[Saved data entries]
○ ○ ○ ○

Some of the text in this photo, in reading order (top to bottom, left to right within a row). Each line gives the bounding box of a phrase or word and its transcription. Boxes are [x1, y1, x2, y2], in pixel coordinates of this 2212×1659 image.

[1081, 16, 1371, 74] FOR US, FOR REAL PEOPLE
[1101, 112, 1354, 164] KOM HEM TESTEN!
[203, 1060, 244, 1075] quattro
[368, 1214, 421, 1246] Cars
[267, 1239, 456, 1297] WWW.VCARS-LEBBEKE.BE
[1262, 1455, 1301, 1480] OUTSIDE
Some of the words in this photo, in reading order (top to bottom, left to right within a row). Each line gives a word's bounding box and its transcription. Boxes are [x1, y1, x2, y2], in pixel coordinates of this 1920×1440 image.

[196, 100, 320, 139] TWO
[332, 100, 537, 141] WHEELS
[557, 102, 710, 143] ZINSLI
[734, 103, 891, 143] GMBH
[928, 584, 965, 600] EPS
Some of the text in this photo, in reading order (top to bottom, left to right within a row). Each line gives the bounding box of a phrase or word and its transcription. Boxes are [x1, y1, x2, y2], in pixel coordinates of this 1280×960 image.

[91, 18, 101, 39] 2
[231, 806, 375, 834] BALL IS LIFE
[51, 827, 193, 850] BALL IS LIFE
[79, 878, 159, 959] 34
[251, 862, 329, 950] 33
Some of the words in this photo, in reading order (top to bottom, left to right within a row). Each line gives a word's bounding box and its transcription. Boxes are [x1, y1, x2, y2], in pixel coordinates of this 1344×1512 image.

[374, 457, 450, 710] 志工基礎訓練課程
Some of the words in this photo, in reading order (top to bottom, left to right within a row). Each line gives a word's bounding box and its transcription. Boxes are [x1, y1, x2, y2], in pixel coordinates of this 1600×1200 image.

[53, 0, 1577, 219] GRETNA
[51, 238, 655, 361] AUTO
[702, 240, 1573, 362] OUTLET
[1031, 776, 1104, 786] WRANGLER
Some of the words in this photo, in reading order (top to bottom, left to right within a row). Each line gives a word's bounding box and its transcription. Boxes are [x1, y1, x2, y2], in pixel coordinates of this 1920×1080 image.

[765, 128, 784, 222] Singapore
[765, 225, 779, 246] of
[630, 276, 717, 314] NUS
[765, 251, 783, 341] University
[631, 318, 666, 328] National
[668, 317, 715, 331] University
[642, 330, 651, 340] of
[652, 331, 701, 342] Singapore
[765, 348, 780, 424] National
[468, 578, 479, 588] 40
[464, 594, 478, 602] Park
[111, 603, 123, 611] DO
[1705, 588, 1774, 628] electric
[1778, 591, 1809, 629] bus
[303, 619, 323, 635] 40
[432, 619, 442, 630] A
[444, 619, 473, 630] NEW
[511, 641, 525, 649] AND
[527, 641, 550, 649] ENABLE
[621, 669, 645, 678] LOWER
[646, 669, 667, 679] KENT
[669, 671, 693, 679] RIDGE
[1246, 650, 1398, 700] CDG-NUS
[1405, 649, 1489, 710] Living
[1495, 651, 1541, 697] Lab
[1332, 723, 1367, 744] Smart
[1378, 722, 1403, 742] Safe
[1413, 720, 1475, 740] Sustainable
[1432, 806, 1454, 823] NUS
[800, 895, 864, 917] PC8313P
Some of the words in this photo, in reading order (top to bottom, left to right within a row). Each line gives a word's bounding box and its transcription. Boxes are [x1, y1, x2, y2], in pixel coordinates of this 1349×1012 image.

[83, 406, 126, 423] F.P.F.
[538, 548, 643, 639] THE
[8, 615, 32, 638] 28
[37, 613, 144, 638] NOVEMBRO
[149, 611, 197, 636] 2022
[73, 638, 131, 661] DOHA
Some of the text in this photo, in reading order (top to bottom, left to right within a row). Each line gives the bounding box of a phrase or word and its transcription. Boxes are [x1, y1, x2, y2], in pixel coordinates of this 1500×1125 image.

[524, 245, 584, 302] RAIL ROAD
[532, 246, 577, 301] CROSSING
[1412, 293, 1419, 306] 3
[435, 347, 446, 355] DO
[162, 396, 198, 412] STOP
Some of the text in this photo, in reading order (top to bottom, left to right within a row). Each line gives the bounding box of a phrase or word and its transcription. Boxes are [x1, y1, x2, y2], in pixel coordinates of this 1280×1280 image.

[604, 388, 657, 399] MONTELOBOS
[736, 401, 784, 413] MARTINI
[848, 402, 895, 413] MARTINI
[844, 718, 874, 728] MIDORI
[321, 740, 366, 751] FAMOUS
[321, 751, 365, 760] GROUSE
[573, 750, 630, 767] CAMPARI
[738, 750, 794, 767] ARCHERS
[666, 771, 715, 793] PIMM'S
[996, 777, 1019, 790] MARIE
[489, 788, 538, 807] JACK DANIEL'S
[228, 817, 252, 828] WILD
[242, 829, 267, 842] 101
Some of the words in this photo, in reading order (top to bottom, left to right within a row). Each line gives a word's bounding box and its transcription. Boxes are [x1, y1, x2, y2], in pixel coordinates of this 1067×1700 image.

○ ○ ○ ○

◆ **Task item**:
The records above should all be quoted exactly, please.

◆ **Exercise response**:
Some of the text in this photo, in reading order (top to bottom, left to right within a row). Each line gives the bounding box of a phrase or word and its transcription. Boxes are [x1, y1, x2, y2], in pixel coordinates of this 2212×1659 image.

[1081, 16, 1371, 74] FOR US, FOR REAL PEOPLE
[1101, 112, 1354, 164] KOM HEM TESTEN!
[203, 1060, 244, 1075] quattro
[368, 1214, 421, 1246] Cars
[267, 1239, 456, 1297] WWW.VCARS-LEBBEKE.BE
[1262, 1455, 1301, 1480] OUTSIDE
Some of the words in this photo, in reading order (top to bottom, left to right within a row). Each line gives a word's bounding box and its transcription. Boxes are [x1, y1, x2, y2], in pixel coordinates of this 1920×1440 image.

[196, 100, 320, 139] TWO
[332, 100, 537, 141] WHEELS
[557, 102, 710, 143] ZINSLI
[734, 103, 891, 143] GMBH
[928, 584, 965, 600] EPS
Some of the text in this photo, in reading order (top to bottom, left to right within a row). Each line gives the bounding box of a phrase or word and its transcription. Boxes are [x1, y1, x2, y2], in pixel coordinates of this 1280×960 image.

[91, 18, 101, 39] 2
[231, 806, 375, 834] BALL IS LIFE
[51, 827, 193, 850] BALL IS LIFE
[79, 878, 159, 959] 34
[251, 862, 329, 950] 33
Some of the words in this photo, in reading order (top to bottom, left to right within a row). Each line gives a word's bounding box and its transcription. Boxes are [x1, y1, x2, y2], in pixel coordinates of this 1344×1512 image.

[374, 457, 450, 710] 志工基礎訓練課程
Some of the words in this photo, in reading order (top to bottom, left to right within a row). Each line gives a word's bounding box and its transcription. Boxes are [x1, y1, x2, y2], in pixel coordinates of this 1600×1200 image.

[53, 0, 1577, 219] GRETNA
[51, 238, 655, 361] AUTO
[702, 240, 1573, 362] OUTLET
[1031, 776, 1104, 786] WRANGLER
Some of the words in this photo, in reading order (top to bottom, left to right within a row). Each line gives a word's bounding box and its transcription. Boxes are [x1, y1, x2, y2], in pixel coordinates of this 1920×1080 image.

[765, 128, 784, 222] Singapore
[765, 225, 779, 246] of
[630, 276, 717, 314] NUS
[765, 251, 783, 341] University
[631, 318, 666, 328] National
[668, 317, 715, 331] University
[642, 330, 651, 340] of
[652, 331, 701, 342] Singapore
[765, 348, 780, 424] National
[468, 578, 479, 588] 40
[464, 594, 478, 602] Park
[111, 603, 123, 611] DO
[1705, 588, 1774, 628] electric
[1778, 591, 1809, 629] bus
[303, 619, 323, 635] 40
[432, 619, 442, 630] A
[444, 619, 473, 630] NEW
[511, 641, 525, 649] AND
[527, 641, 550, 649] ENABLE
[621, 669, 645, 678] LOWER
[646, 669, 667, 679] KENT
[669, 671, 693, 679] RIDGE
[1246, 650, 1398, 700] CDG-NUS
[1405, 649, 1489, 710] Living
[1495, 651, 1541, 697] Lab
[1332, 723, 1367, 744] Smart
[1378, 722, 1403, 742] Safe
[1413, 720, 1475, 740] Sustainable
[1432, 806, 1454, 823] NUS
[800, 895, 864, 917] PC8313P
Some of the words in this photo, in reading order (top to bottom, left to right within a row). Each line gives a word's bounding box and its transcription. Boxes are [x1, y1, x2, y2], in pixel coordinates of this 1349×1012 image.

[83, 406, 126, 423] F.P.F.
[538, 548, 643, 639] THE
[8, 615, 32, 638] 28
[37, 613, 144, 638] NOVEMBRO
[149, 611, 197, 636] 2022
[73, 638, 131, 661] DOHA
Some of the text in this photo, in reading order (top to bottom, left to right within a row). Each line gives the bounding box of a phrase or word and its transcription. Boxes are [x1, y1, x2, y2], in pixel coordinates of this 1500×1125 image.

[524, 245, 584, 302] RAIL ROAD
[532, 246, 577, 301] CROSSING
[1412, 293, 1419, 306] 3
[435, 347, 446, 355] DO
[162, 396, 198, 412] STOP
Some of the text in this photo, in reading order (top to bottom, left to right within a row). Each line gives the bounding box of a phrase or word and its transcription. Boxes are [x1, y1, x2, y2], in pixel coordinates of this 1280×1280 image.

[604, 388, 657, 399] MONTELOBOS
[736, 401, 784, 413] MARTINI
[848, 402, 895, 413] MARTINI
[844, 718, 874, 728] MIDORI
[321, 740, 366, 751] FAMOUS
[321, 751, 365, 760] GROUSE
[573, 750, 630, 767] CAMPARI
[738, 750, 794, 767] ARCHERS
[666, 771, 715, 793] PIMM'S
[996, 777, 1019, 790] MARIE
[489, 788, 538, 807] JACK DANIEL'S
[228, 817, 252, 828] WILD
[242, 829, 267, 842] 101
Some of the words in this photo, in reading order (top to bottom, left to right within a row). Each line gives a word's bounding box and its transcription. Boxes are [x1, y1, x2, y2], in pixel coordinates of this 1067×1700 image.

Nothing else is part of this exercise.